We report the first case of erythrodermic mycosis fungoides following allogeneic HSCT to derive from a matched unrelated donor. ‘Transmission’ of donor-derived T-cell lymphoma and leukaemia via HSCT has been reported previously.4 9 11 In these instances, the sibling donors developed identical disease, but they demonstrated subclinical pathology at the time of diagnosis in the HSCT recipients.
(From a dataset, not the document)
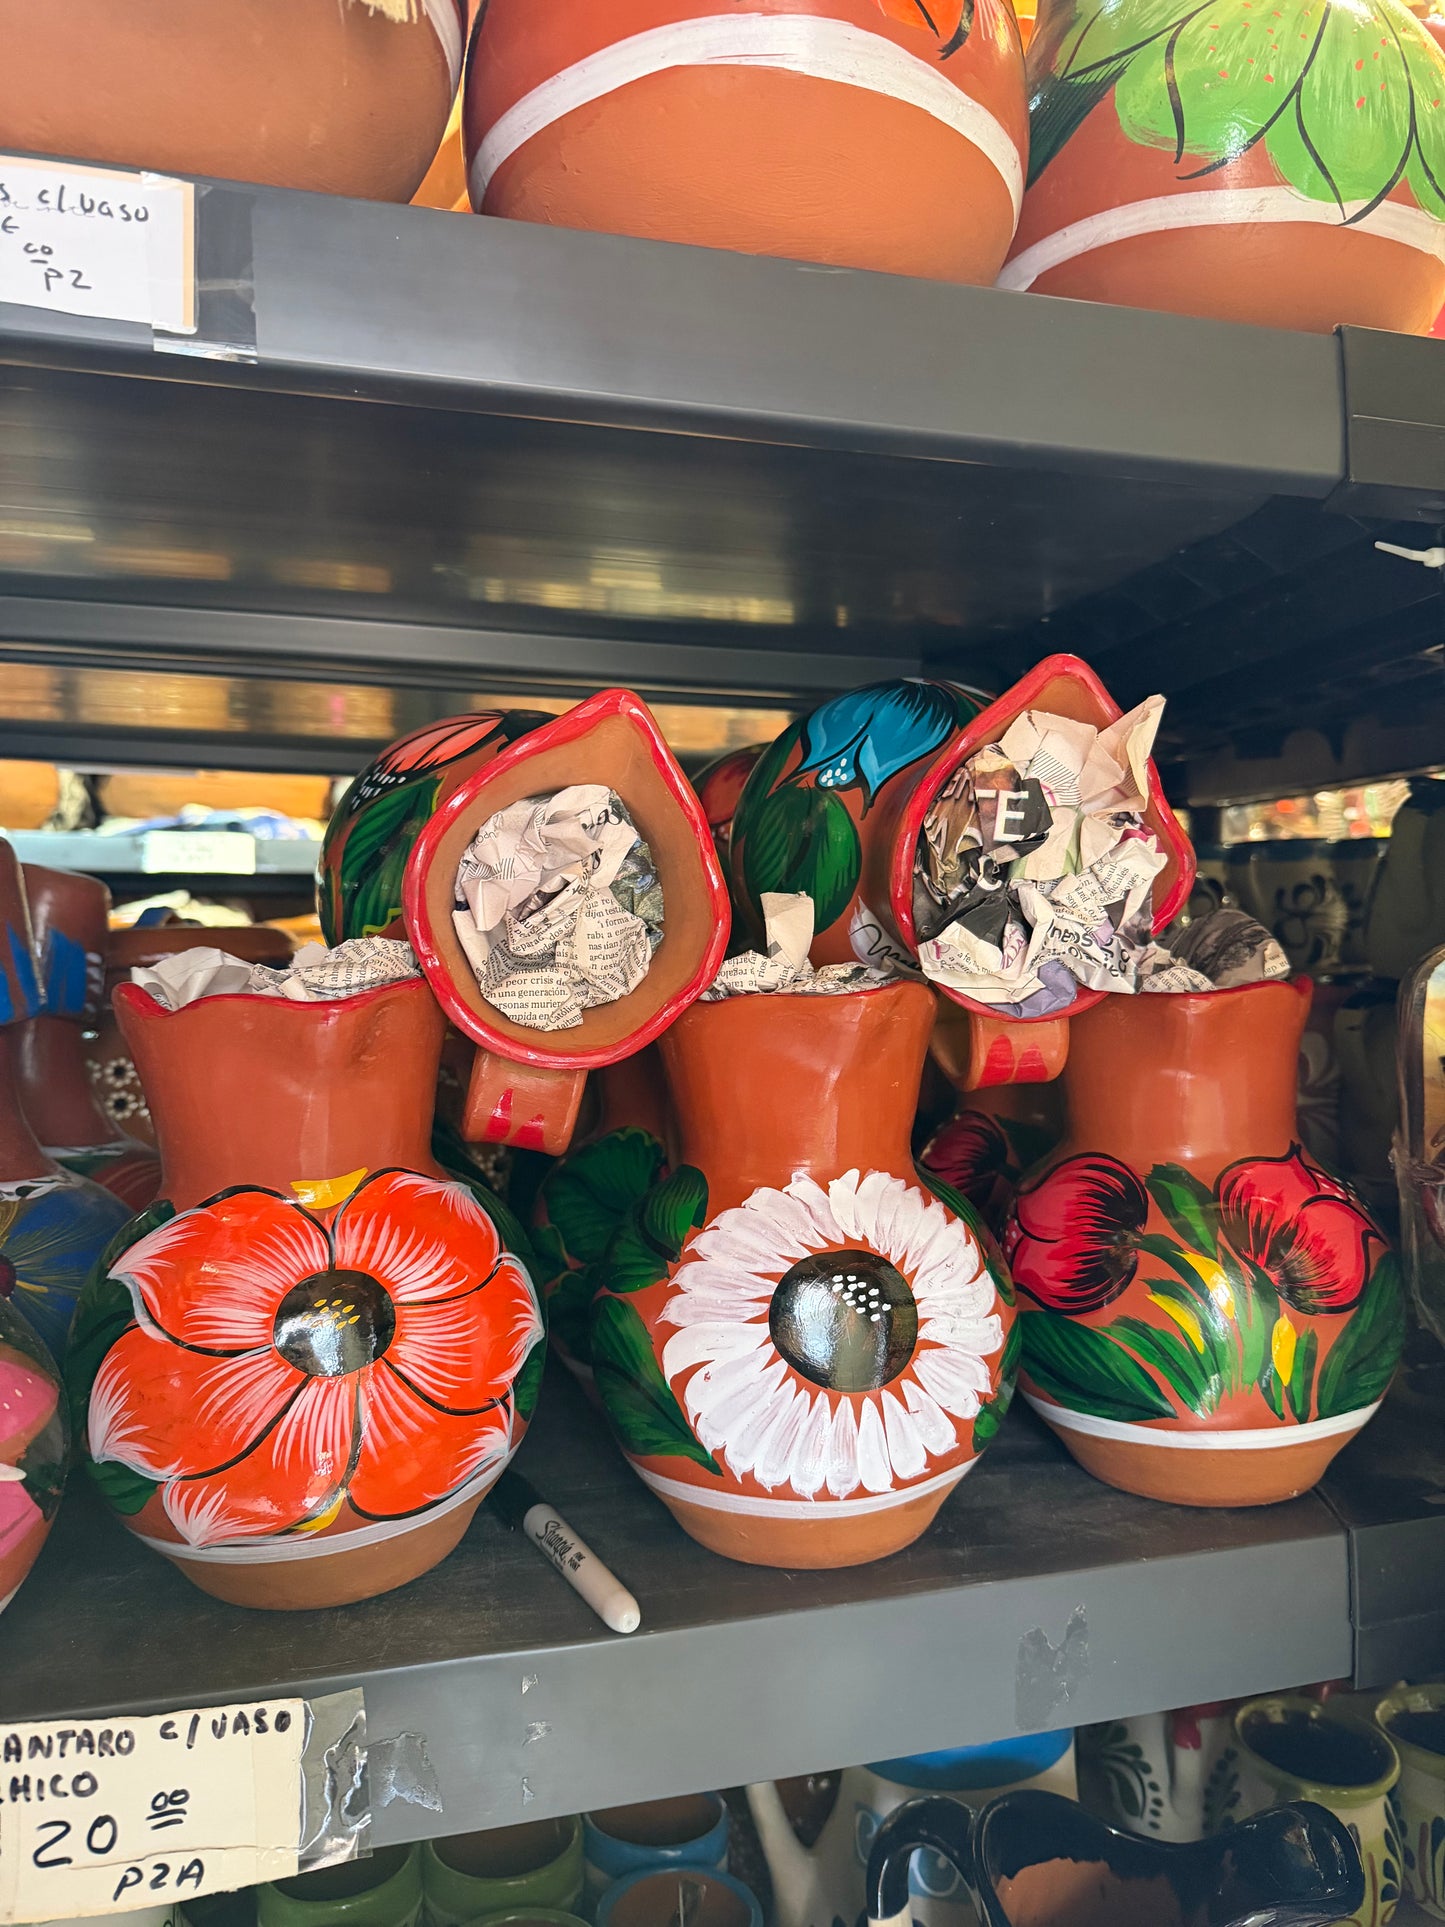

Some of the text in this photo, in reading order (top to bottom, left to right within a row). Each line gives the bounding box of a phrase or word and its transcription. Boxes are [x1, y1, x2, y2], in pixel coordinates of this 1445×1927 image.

While these cases support the theory of a ‘malignant stem cell’ transferred within the allograft,12 temporal dissociations highlight the multifactorial aetiology of donor-derived secondary malignancies post-HSCT. Such risk factors are diverse but include donor genetics, total body irradiation, chronic GvHD and long-term immunosuppression.3 In this case, the patient had a higher risk of secondary malignancy by virtue of recurrent GvHD requiring prolonged and profound immunosuppression, which may have permitted immune evasion of an evolving malignant clone. With this in mind, it is interesting to note that the other two patients reported with primary CTCL post sibling donor allogeneic HSCT also received at least 1 year of oral immunosuppression with calcineurin inhibitors for GvHD exhibiting cutaneous manifestations.5 9

Here, information related to the anonymous unrelated donor was understandably limited, but the relevant donor registry was informed of the potential risk of malignancy for the donor.

It is known that CTCL may present indolently,11 but the heterogenous presentation of this case, along with the requirement for ongoing GvHD therapy, complicated diagnosis. It may be postulated that ECP, originally developed for the treatment of erythrodermic CTCL,13 inhibited an earlier fulminant clinico-pathological presentation. Indeed, a review of histological examinations undertaken at the time of presumed cutaneous sarcoid suggested that in retrospect, the ‘cytologically bland’ lymphocytic infiltrates did have a similar folliculocentric pattern of infiltration as the later folliculotropic mycosis fungoides, and that the granulomatous response may have been due to a rupture reaction.

Survivorship following haematopoietic stem cell transplantation (HSCT) is of increasing importance as the safety of the procedures improves. Secondary malignancy is a devastating complication that contributes to the morbidity and mortality after HSCT.

We present the first case of folliculotropic mycosis fungoides (stage IVA2) following HSCT to derive from an unrelated donor. A positive response to brentuximab is reported.

We describe an evolving pathology with a multifactorial aetiology including intractable cutaneous graft versus host disease and long-term profound immunosuppression.

Diagnosis required a high index of clinical suspicion and a cohesive multidisciplinary approach. This case highlights the vigilance required while monitoring patients following HSCT, and others on long-term immunosuppression for alternative diagnoses.